▶ [What is expected]: Return each entry precisely as it appears below.

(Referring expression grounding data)

■ ■ ■ ■ ■

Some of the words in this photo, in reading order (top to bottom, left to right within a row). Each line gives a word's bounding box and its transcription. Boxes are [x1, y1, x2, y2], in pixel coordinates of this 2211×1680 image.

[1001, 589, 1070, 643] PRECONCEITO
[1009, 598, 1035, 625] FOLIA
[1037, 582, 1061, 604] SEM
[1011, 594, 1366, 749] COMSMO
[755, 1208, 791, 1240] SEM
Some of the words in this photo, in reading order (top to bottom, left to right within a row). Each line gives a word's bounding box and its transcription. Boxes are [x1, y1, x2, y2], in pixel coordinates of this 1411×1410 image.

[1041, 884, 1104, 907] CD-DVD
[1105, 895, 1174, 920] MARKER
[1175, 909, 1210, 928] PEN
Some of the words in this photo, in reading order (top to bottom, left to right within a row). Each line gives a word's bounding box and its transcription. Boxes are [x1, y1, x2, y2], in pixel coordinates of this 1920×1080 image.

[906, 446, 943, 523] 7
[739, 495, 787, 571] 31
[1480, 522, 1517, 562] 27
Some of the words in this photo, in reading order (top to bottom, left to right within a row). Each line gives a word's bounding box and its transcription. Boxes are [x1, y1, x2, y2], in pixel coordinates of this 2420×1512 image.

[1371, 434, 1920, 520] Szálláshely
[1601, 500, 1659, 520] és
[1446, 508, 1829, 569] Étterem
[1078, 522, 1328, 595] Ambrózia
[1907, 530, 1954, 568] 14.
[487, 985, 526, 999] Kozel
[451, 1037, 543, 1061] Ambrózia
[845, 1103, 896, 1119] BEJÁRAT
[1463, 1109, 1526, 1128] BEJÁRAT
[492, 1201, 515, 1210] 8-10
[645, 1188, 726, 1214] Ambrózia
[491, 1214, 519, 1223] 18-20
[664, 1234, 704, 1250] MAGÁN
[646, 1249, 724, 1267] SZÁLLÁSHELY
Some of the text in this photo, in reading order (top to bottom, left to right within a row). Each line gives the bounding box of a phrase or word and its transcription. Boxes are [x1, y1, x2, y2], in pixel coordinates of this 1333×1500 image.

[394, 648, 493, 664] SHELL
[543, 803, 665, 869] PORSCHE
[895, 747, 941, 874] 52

■ ■ ■ ■ ■

▶ [Output of the exercise]:
Some of the words in this photo, in reading order (top to bottom, left to right within a row). Each line gives a word's bounding box and its transcription. Boxes are [x1, y1, x2, y2], in pixel coordinates of this 2211×1680 image.

[1001, 589, 1070, 643] PRECONCEITO
[1009, 598, 1035, 625] FOLIA
[1037, 582, 1061, 604] SEM
[1011, 594, 1366, 749] COMSMO
[755, 1208, 791, 1240] SEM
Some of the words in this photo, in reading order (top to bottom, left to right within a row). Each line gives a word's bounding box and its transcription. Boxes are [x1, y1, x2, y2], in pixel coordinates of this 1411×1410 image.

[1041, 884, 1104, 907] CD-DVD
[1105, 895, 1174, 920] MARKER
[1175, 909, 1210, 928] PEN
Some of the words in this photo, in reading order (top to bottom, left to right within a row). Each line gives a word's bounding box and its transcription. Boxes are [x1, y1, x2, y2], in pixel coordinates of this 1920×1080 image.

[906, 446, 943, 523] 7
[739, 495, 787, 571] 31
[1480, 522, 1517, 562] 27
Some of the words in this photo, in reading order (top to bottom, left to right within a row). Each line gives a word's bounding box and its transcription. Boxes are [x1, y1, x2, y2], in pixel coordinates of this 2420×1512 image.

[1371, 434, 1920, 520] Szálláshely
[1601, 500, 1659, 520] és
[1446, 508, 1829, 569] Étterem
[1078, 522, 1328, 595] Ambrózia
[1907, 530, 1954, 568] 14.
[487, 985, 526, 999] Kozel
[451, 1037, 543, 1061] Ambrózia
[845, 1103, 896, 1119] BEJÁRAT
[1463, 1109, 1526, 1128] BEJÁRAT
[492, 1201, 515, 1210] 8-10
[645, 1188, 726, 1214] Ambrózia
[491, 1214, 519, 1223] 18-20
[664, 1234, 704, 1250] MAGÁN
[646, 1249, 724, 1267] SZÁLLÁSHELY
Some of the text in this photo, in reading order (top to bottom, left to right within a row). Each line gives the bounding box of a phrase or word and its transcription. Boxes are [x1, y1, x2, y2], in pixel coordinates of this 1333×1500 image.

[394, 648, 493, 664] SHELL
[543, 803, 665, 869] PORSCHE
[895, 747, 941, 874] 52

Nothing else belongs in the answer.